[Phrase grounding data]
________

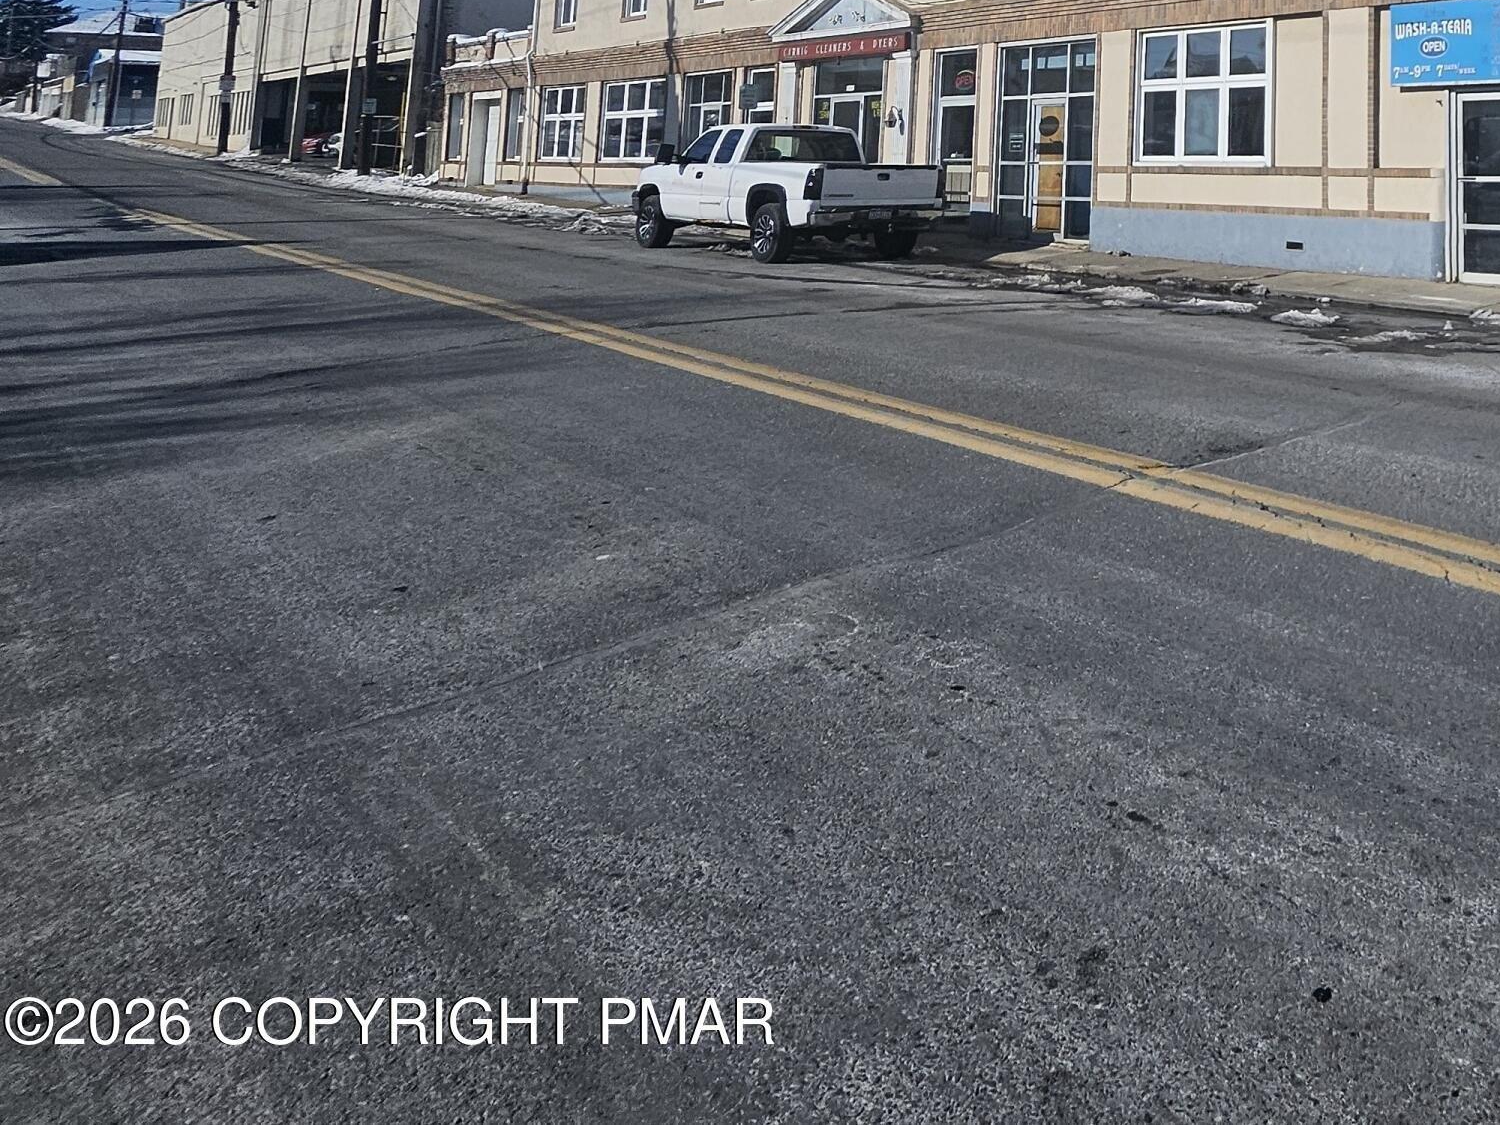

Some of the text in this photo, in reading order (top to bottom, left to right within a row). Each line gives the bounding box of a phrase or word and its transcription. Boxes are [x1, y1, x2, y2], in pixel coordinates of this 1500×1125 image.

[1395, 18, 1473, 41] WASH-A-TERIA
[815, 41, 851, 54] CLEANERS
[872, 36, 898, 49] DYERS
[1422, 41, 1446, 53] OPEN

________

WHAT TO DO: Print out each record exactly as shown, but keep the pictures out.

SOLUTION BELOW:
Some of the text in this photo, in reading order (top to bottom, left to right within a row). Each line gives the bounding box of a phrase or word and its transcription. Boxes are [x1, y1, x2, y2], in pixel coordinates of this 1500×1125 image.

[1395, 18, 1473, 41] WASH-A-TERIA
[815, 41, 851, 54] CLEANERS
[872, 36, 898, 49] DYERS
[1422, 41, 1446, 53] OPEN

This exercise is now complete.